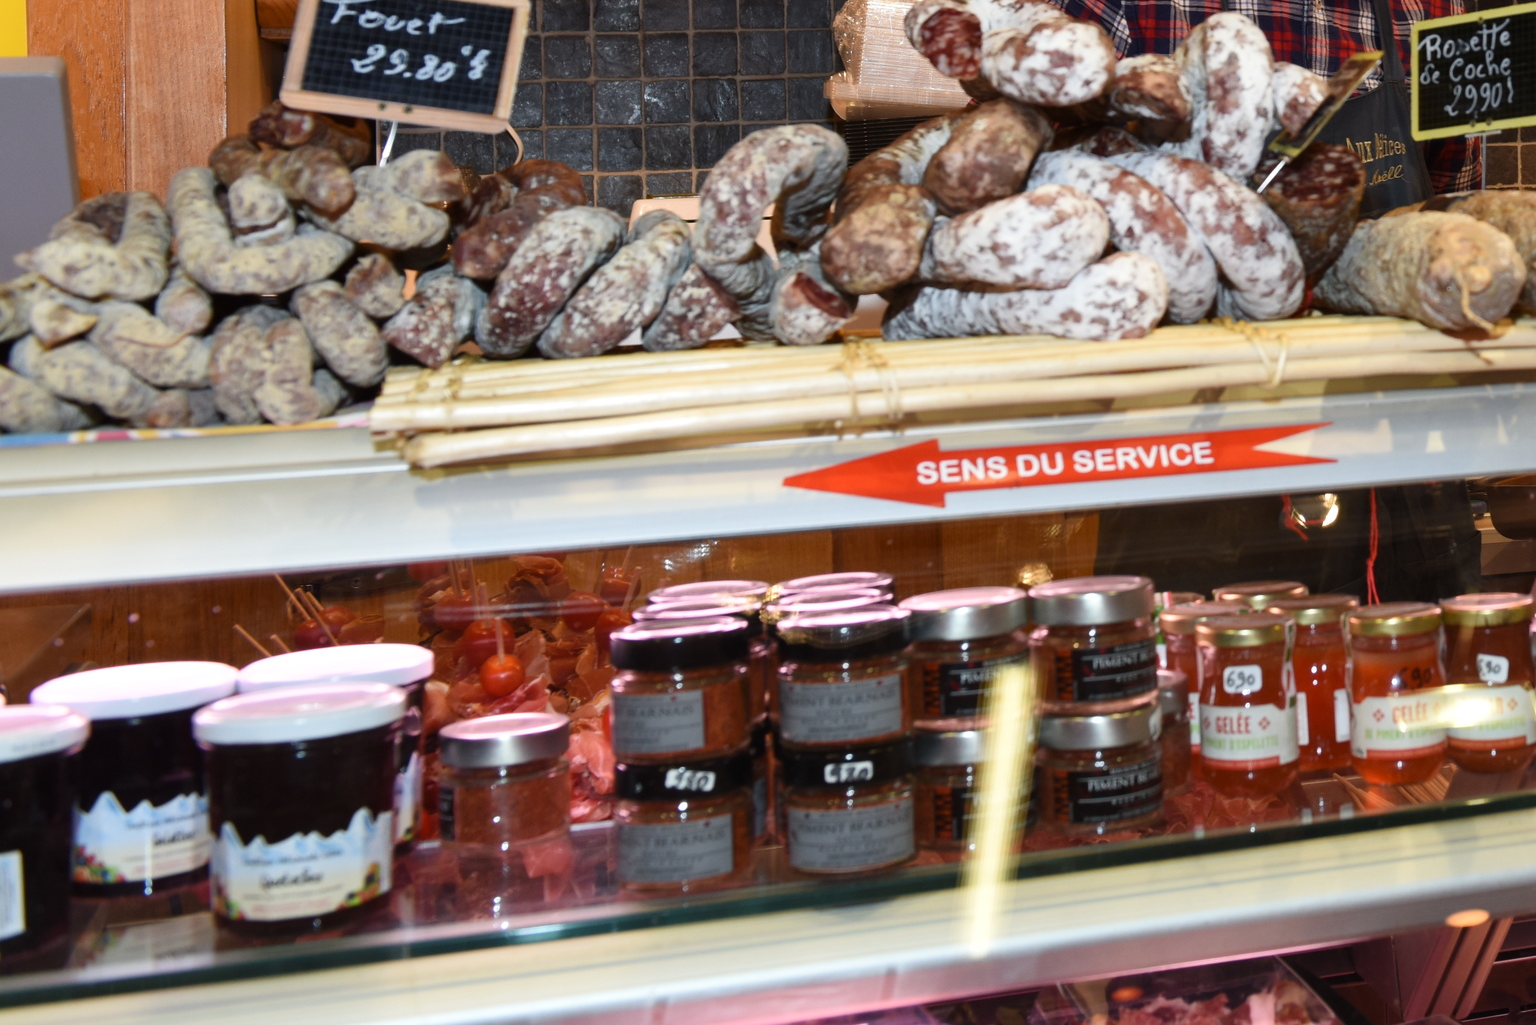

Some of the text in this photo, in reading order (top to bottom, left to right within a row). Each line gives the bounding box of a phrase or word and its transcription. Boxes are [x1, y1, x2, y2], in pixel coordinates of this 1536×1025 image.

[1420, 64, 1440, 85] de
[914, 440, 1215, 487] SENS DU SERVICE
[1214, 711, 1252, 734] GELÉE
[1391, 700, 1429, 723] GELÉE
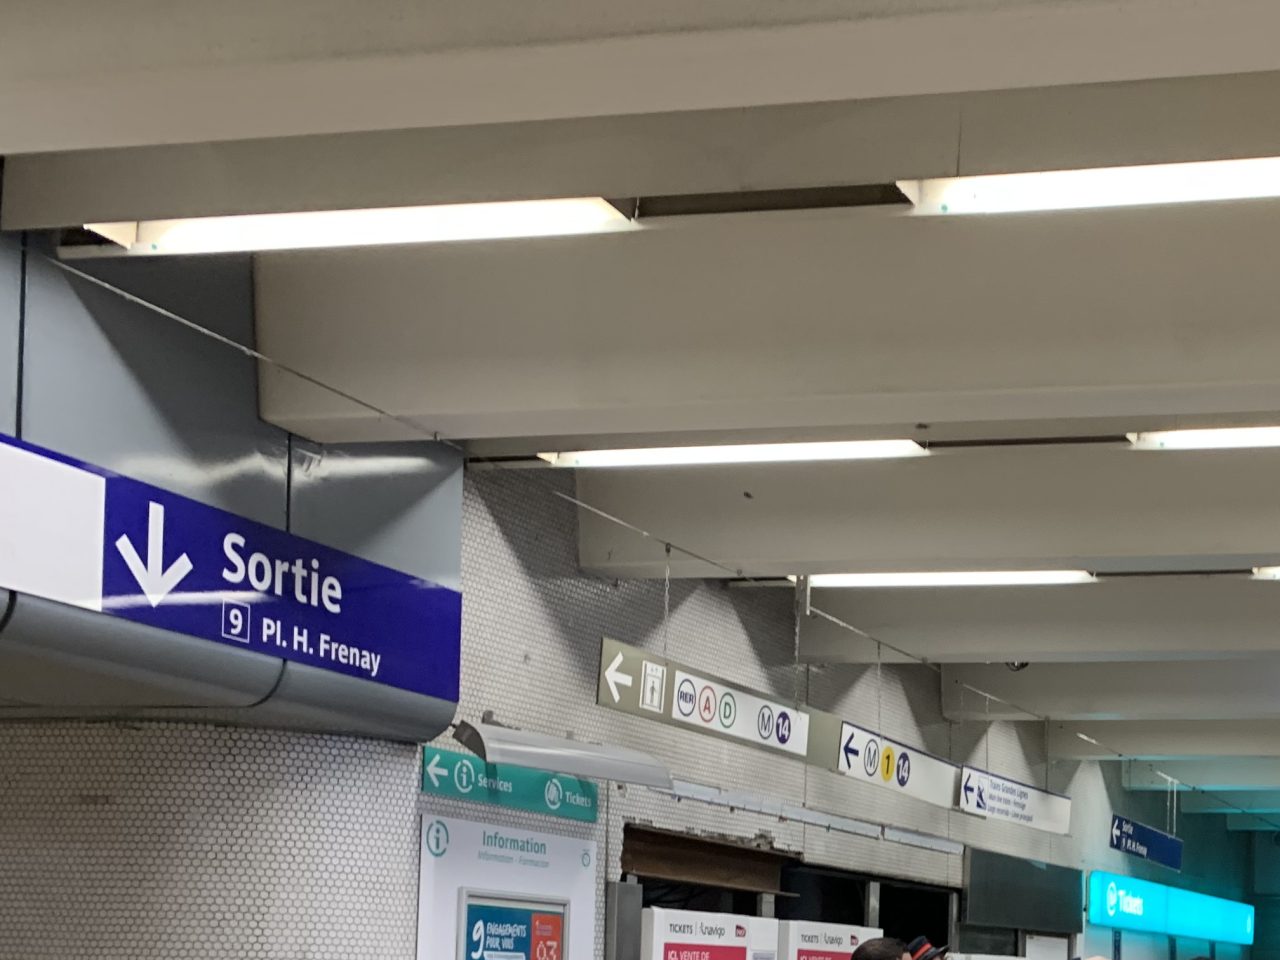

◆ ◆ ◆ ◆ ◆

= WHAT NEEDS TO BE DONE =
From the first line to the last, copy the records exactly and skip the pictures.

= OUTPUT OF THE TASK =
Some of the text in this photo, in reading order (top to bottom, left to right within a row). Each line gives the bounding box of a phrase or word and its transcription. Boxes are [x1, y1, x2, y2], in pixel coordinates of this 1536×1025 image.

[1420, 64, 1440, 85] de
[914, 440, 1215, 487] SENS DU SERVICE
[1214, 711, 1252, 734] GELÉE
[1391, 700, 1429, 723] GELÉE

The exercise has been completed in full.